Polysaccharide biosynthesis
Most strains of S. thermophilus have the ability to create EPS. Also known to produce CPS are some strains of S. thermophilus [16]. In the course of bacterial development, the former produces EPS in the cell through a difficult series of interactions between S. thermophilus intracellular enzymes, and then exports it to the extracellular environment as a macromolecule through a unique lipid carrier, where the latter transiently binds to the cell surface. The EPS biosynthesis pathway includes the transport of glucose to the cytoplasm, the creation of glucose-1-phosphate, polysaccharide production, and the generation of EPS [17]. The two types of EPS are homoglycans and isoglycans; the former are composed of just one kind of sugar, whereas the latter are made up of a variety of sugars. Galactose, glucose, and rhamnose make up the majority of isosaccharides, but N-polymers containing acetylated galactosamine, fucose, and galactose have also been discovered.
The relevant genes for the intricate biochemical process of bacterial EPS production are found in the eps gene cluster of bacterial chromosomes or plasmids. On chromosomes, S. thermophilus has all of its EPS gene clusters. EPS-producing genes (epsA, epsB) and EPS chain-length genes (epsC, epsD) are regulated in the first region of the S. thermophilus EPS cluster, which is divided into three parts. The second region is involved in the biosynthesis of EPS repeating units, and the third area is in charge of repeating unit aggregation and exit [18,19]. At least 20 different forms of EPS gene clusters have been discovered, and S. thermophilus EPS clusters have been shown to be highly diverse and range in size from 15–36 kb. The genetic diversity of EPS clusters has a substantial impact on the structural alterations of EPS molecules. In general, the relationship between an EPS’s structure and function is strong. Therefore, EPS’s highly polymorphic structure provides a wide range of potential applications. Streptococcus thermophilus EPS can be utilized as a thickener, stabilizer, emulsifier, gel, and water binder in food due to its GRAS (generally recognized as safe) and probiotic qualities.
3.
Protein metabolism
According to Figure 2, the proteolytic system of S. thermophilus can be broken down into three main sections. The first section involves the degradation of proteins by the serine protease PrtS, which is typically stabilized in the cell wall by the particular binding protein SrtA. Peptides and oligopeptides are then transported, typically by the Dpp and Ami systems. The third component is the metabolism of peptides by intracellular peptidases, among which S. thermophilus has unique needs for the peptidases PepO, PepS, PepX, PepN, and PepC. Galla et al. [20] evaluated the proteolysis and acidification characteristics of 30 S. thermophilus strains isolated from yoghurt or cheese. Out of the 30 strains examined, 12 displayed cell envelope-associated protease activity (PrtS), 3 displayed a slight PrtS activity (PrtS++/−), and 15 displayed no PrtS activity (PrtS), even though 8 of them possessed the appropriate gene (prtS). The decrease of PrtS activity in the PrtS strains may be caused by altered prtS regulation, according to the sequencing of the prtSgene in four PrtS and one PrtS strains. According to earlier research, the strain’s high proteolytic activity and high acidizing capacity are closely related. These findings suggest that the strain grows more quickly and produces acid in milk when there is strong protease activity.

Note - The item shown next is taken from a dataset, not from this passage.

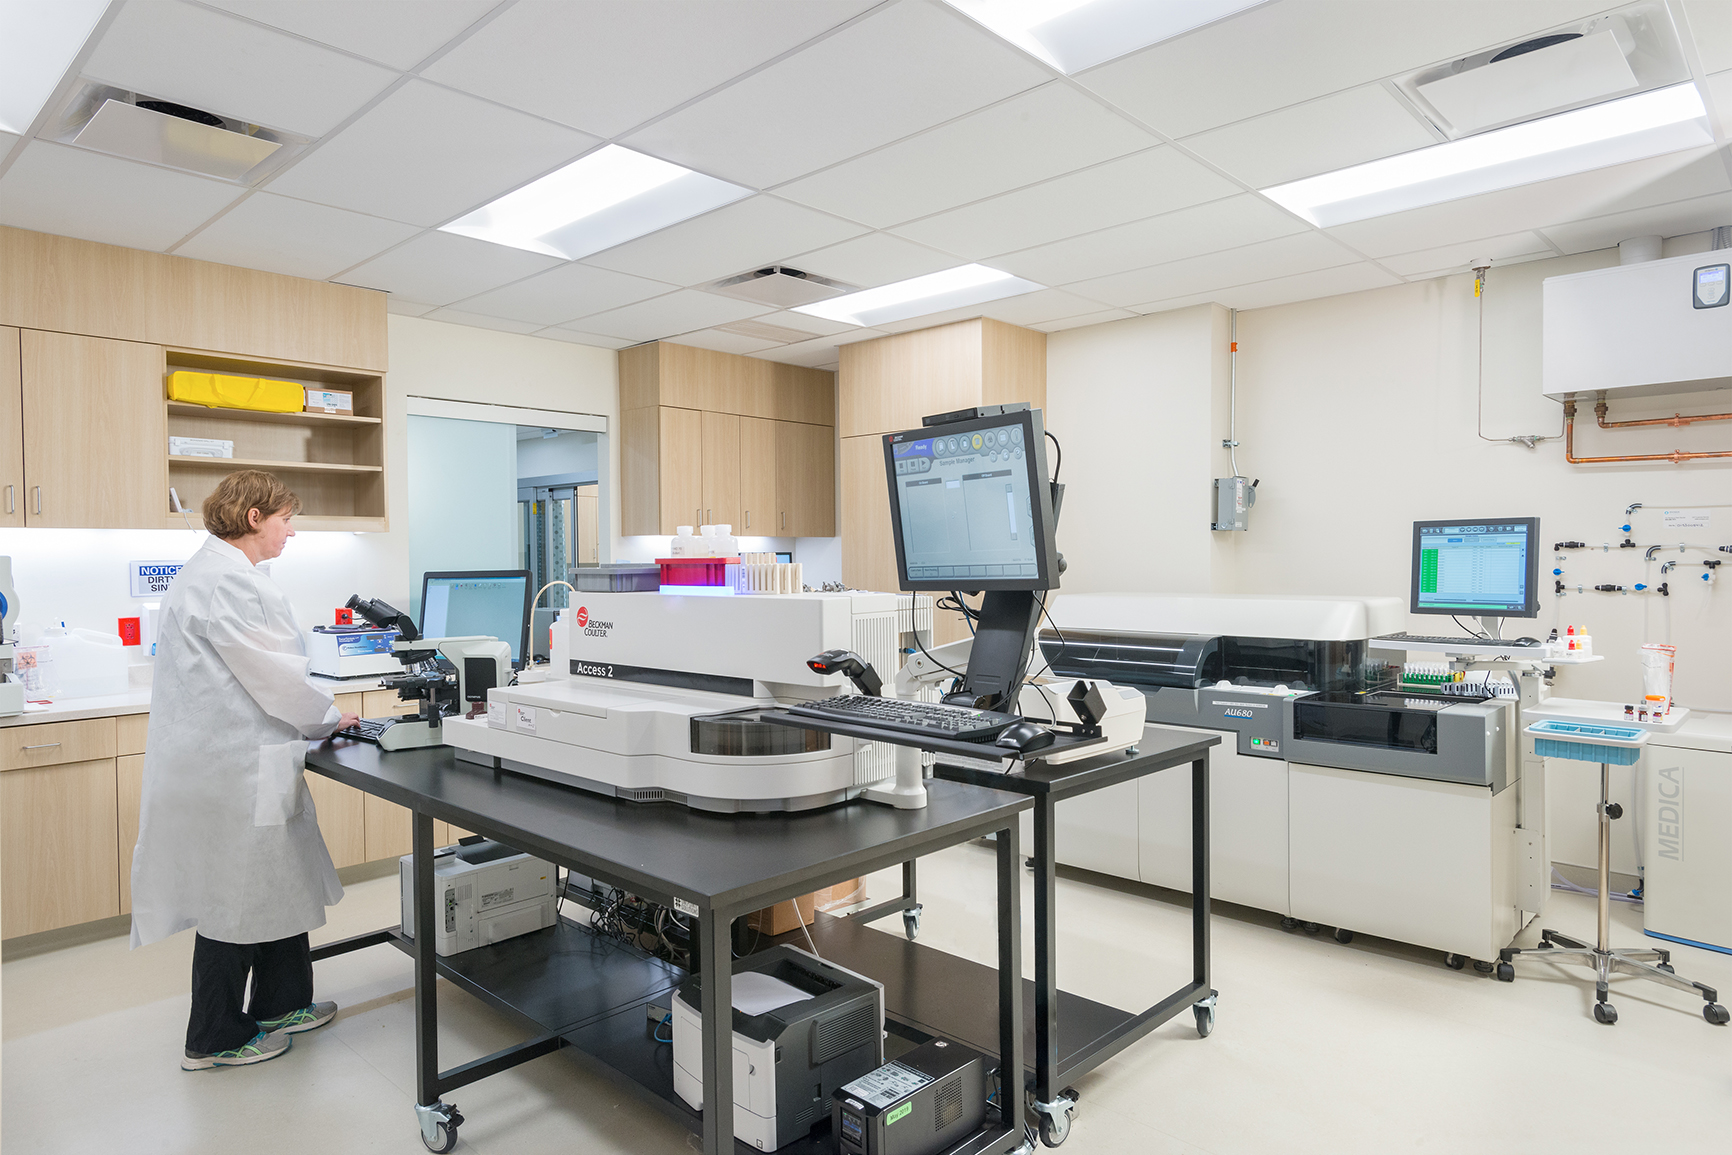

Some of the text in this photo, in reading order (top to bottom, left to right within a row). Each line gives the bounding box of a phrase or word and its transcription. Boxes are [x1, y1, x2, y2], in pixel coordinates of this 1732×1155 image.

The phenotypic traits of the several 16S-23S intergenic spacer (ITS) region sequence types are the same. ITS-St-I, ITS-St-II, ITS-St-III, and ITS-St-IV are among the 90 varieties of S. thermophilus that have so far been identified [21]. Common types are ITS-St-I and ITS-St-II. According to Galla et al. [20], only six strains possessed ITS-St-V alleles, whereas the majority of strains had ITS-St-I (10 out of 30) or ITS-St-II (6 out of 30) alleles. In general, strains with the ITS-St-III allele displayed greater protease-digesting and acidification capacities, whereas strains with the ITS-St-I allele displayed little to nil PrtS activity.

2.2. Food-Grade Safety

The food sector makes extensive use of S. thermophilus. Numerous studies have demonstrated its safety, healthfulness, and lack of production of harmful chemicals. Tools for systematic gene editing, which is necessary for molecular change to reach the food level and is non-toxic and safe for the human body, must be available. S. thermophilus is frequently employed in the making of cheese and yoghurt and may have been since humans first engaged in the dairy business, demonstrating the species’ safety as a food microbe. Additionally, a genome analysis revealed that S. thermophilus lacked, or had inactivated or missing, virulence-related genes.

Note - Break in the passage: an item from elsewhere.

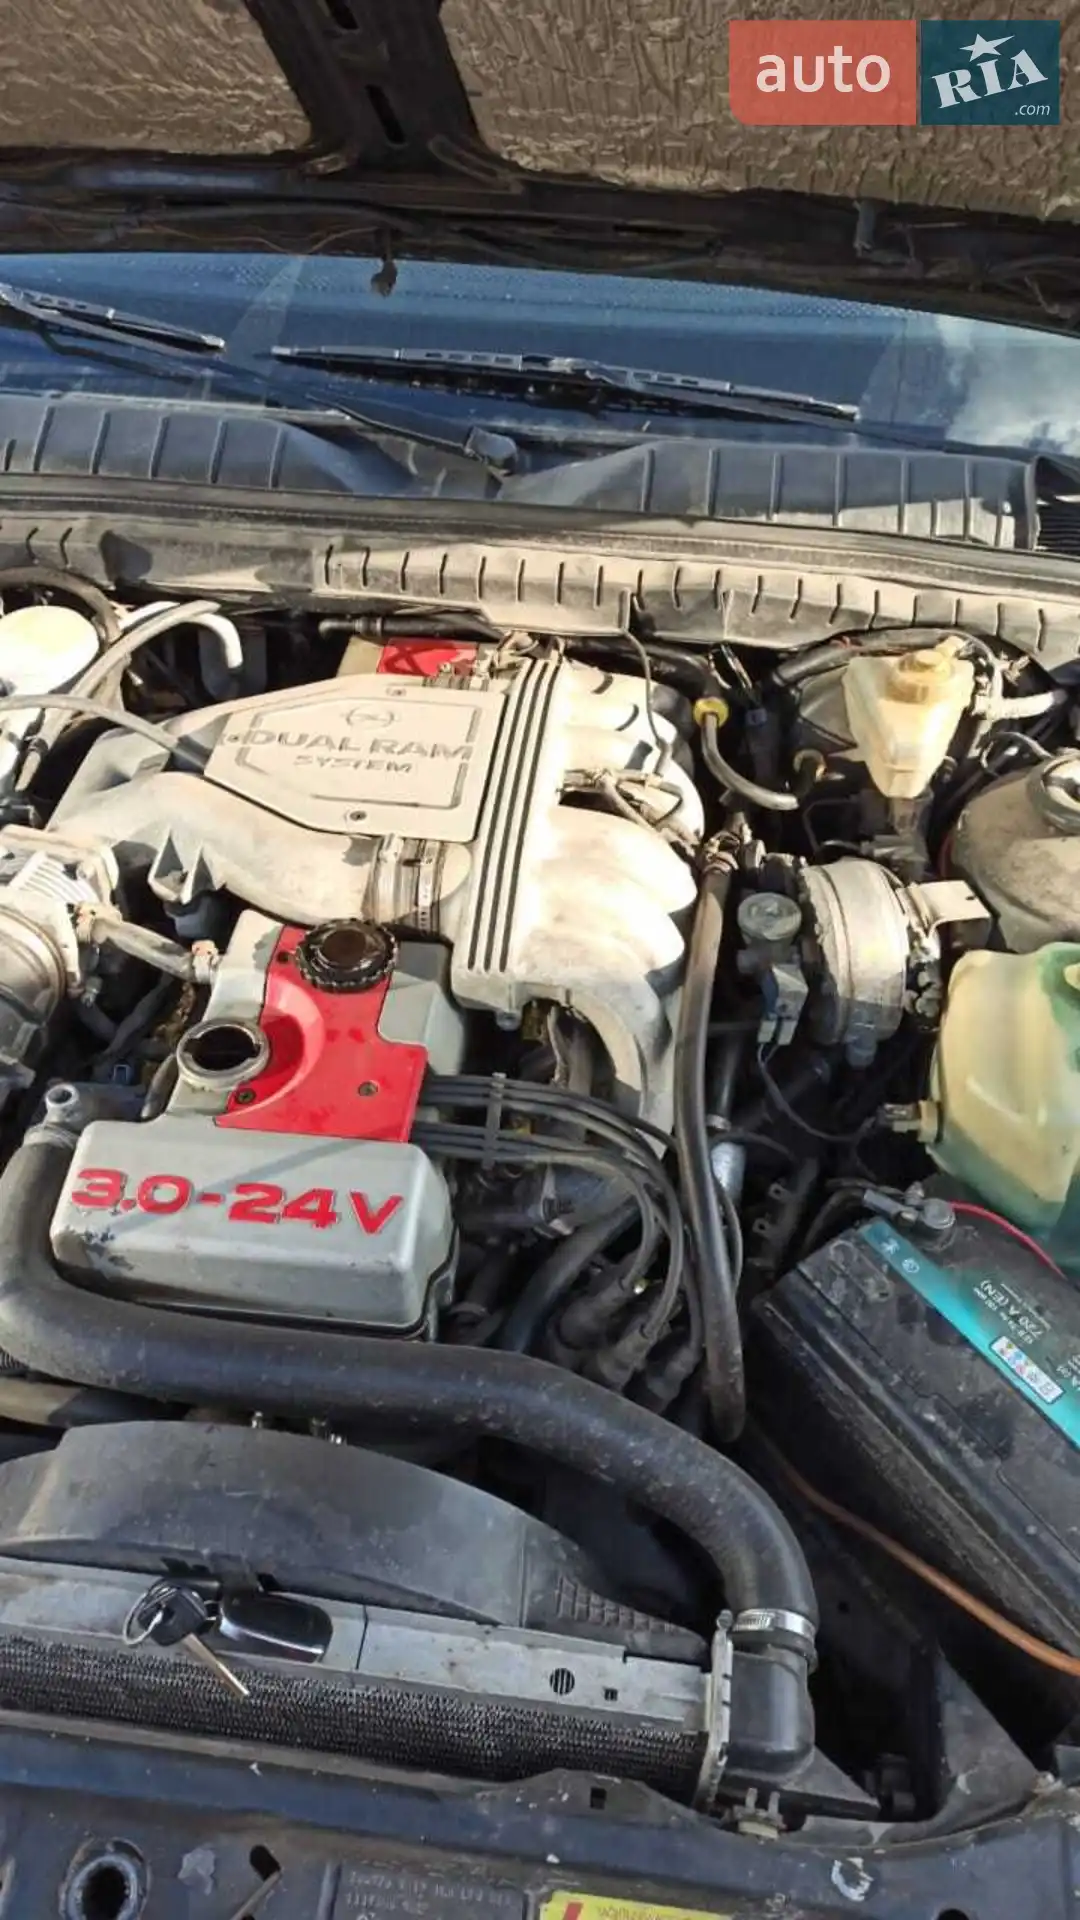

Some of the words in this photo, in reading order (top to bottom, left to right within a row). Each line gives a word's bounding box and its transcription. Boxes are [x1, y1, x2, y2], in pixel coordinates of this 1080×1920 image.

[248, 730, 361, 752] DUAL
[369, 738, 473, 760] RAM
[292, 754, 413, 774] SYSTEM

Pathogenic streptococcus must be able to utilize significant amounts of carbohydrates in order to be virulent, probably because it allows the bacteria to maintain their ecological niche. S. thermophilus has been reported to have a deficiency in this function, which may reduce its pathogenic potential. Furthermore, it appears that S. thermophilus has lost the bulk of the streptococcal virulence-related genes, including those involved in cell adhesion, host invasion, or immune system evasion, as a result of the evolution of loss-of-function events that represent the dairy niche. Antibiotic resistance has a significant impact on pathogen pathogenicity as well.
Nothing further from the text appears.